En 1876, Feréol Dedieu révolutionne le système d’attaches des bas en inventant le porte-jarretelles. Dépourvu de dentelles et de broderies, l’invention ne sera pas immédiatement adoptée par les femmes et quelques années plus tard, les rumeurs suffiront à attribuer la paternité de cette nouvelle pièce de lingerie à Gustave Eiffel. Ce sera finalement la mode du corset en S, ce corset si long qu’il avait tendance à se relever sur les hanches, qui intronisera le porte-jarretelles dès le début du XXe siècle. Les jarretelles étaient fixées directement sur le bas du corset afin de le tendre suffisamment.

Bien que cachées, les jambes font l’objet d’attentions des femmes Elles lisent assidûment les revues de mode et suivent de près leurs conseils. Les bas se font généralement noirs mais peuvent aussi être assortis à la robe ou aux chaussures. Comble du raffinement, la broderie du bas s’accorde parfois au ton de la robe. Les dames de la haute s’habillent de bas en fil d’Écosse le jour et de bas en soie le soir. Mais bientôt, la première guerre mondiale raccourcit les robes et révolutionne le port des bas.

Les années 20 consacrent une femme libre et naturelle, la garçonne qui découvre ses jambes. C’est la révolution ! Ces parties du corps classées jusque là « confidentiel défense » s’affichent en plein jour. Les ongles de pieds découvrent le vernis de couleur rose et les jambes s’épilent. Le couturier Paul Poiret supprime le corset et la jarretière fait son come-back. Les bas jouent la nudité en se faisant chair et aérien. Ils se roulent au dessus des genoux autour d’une jarretière. Les hommes frémissent en contemplant un bout de cuisse nue, le temps d’une descente de voiture. Les femmes, quant à elles, découvrent la rayonne, soie synthétique. Certes, les bas de rayonne se démaillent plus facilement mais ils coûtent le quart du prix d’une paire de bas en soie. Les bourgeoises et les travailleuses les adoptent et les poudrent pour atténuer leur brillance, seule différence apparente avec les bas de soie qui ornent toujours les dames richissimes.

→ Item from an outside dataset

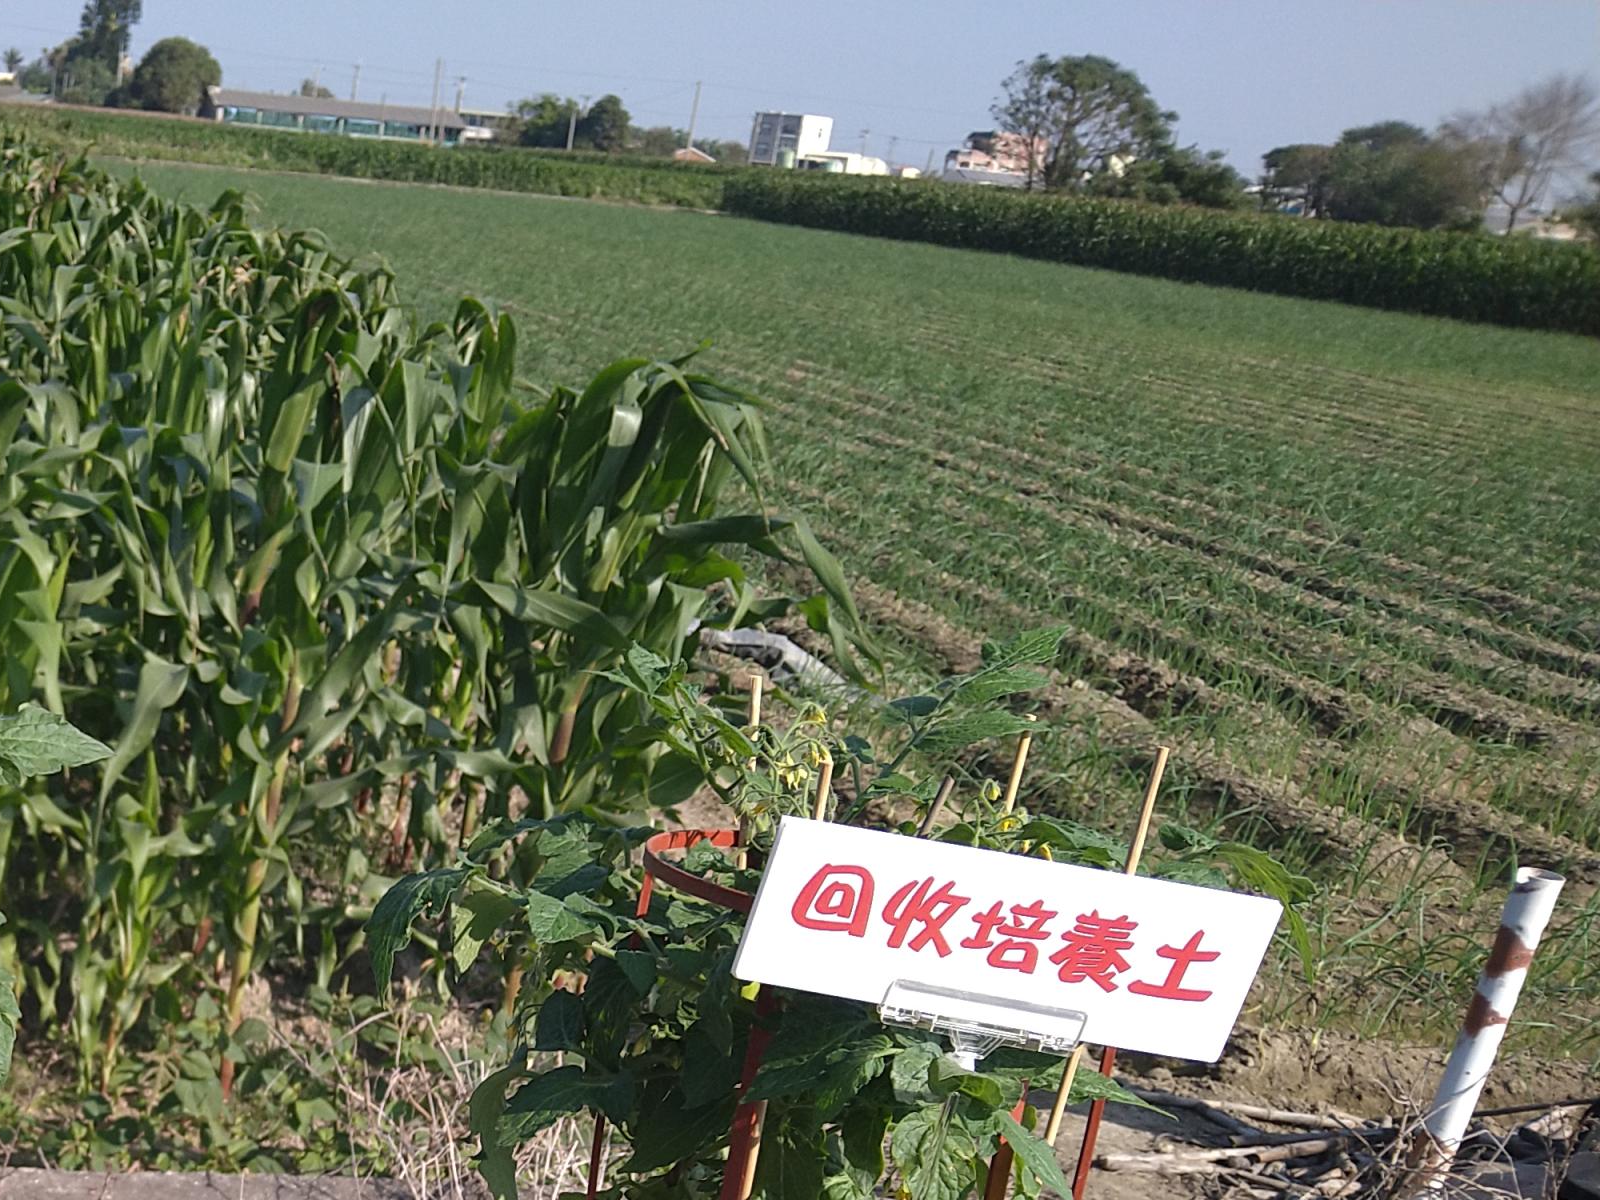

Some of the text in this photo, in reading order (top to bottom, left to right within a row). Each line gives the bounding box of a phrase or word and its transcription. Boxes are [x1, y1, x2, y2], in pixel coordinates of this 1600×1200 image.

[791, 863, 1221, 1002] 回收培養土

Une crise économique passe, une nouvelle guerre se profile et les femmes se rhabillent tandis que le porte-jarretelles en profite pour faire son grand retour. Délaissant le fantasme de la jarretière, les hommes rêvent des jambes gainées de bas noirs et de jarretelles de Marlène Dietrich, ce bel « Ange bleu ». Les années noires teignent les jambes des femmes qui tentent de reproduire en trompe-l’œil le beige de la soie et la couture, faute de vrais bas. Les remmailleuses prospèrent en sauvant les bas filés, ultimes restes des années d’avant-guerre. Les plus chanceuses et les plus fortunées dénichent de jolis bas au marché noir qui se portent haut maintenus par des porte-jarretelles. En Angleterre, la vente et le port des bas de soie sont interdits dès 1941, le luxe et le charme étant perçus comme antipatriotiques. Qu’à cela ne tienne, les femmes prennent goût au confort du pantalon.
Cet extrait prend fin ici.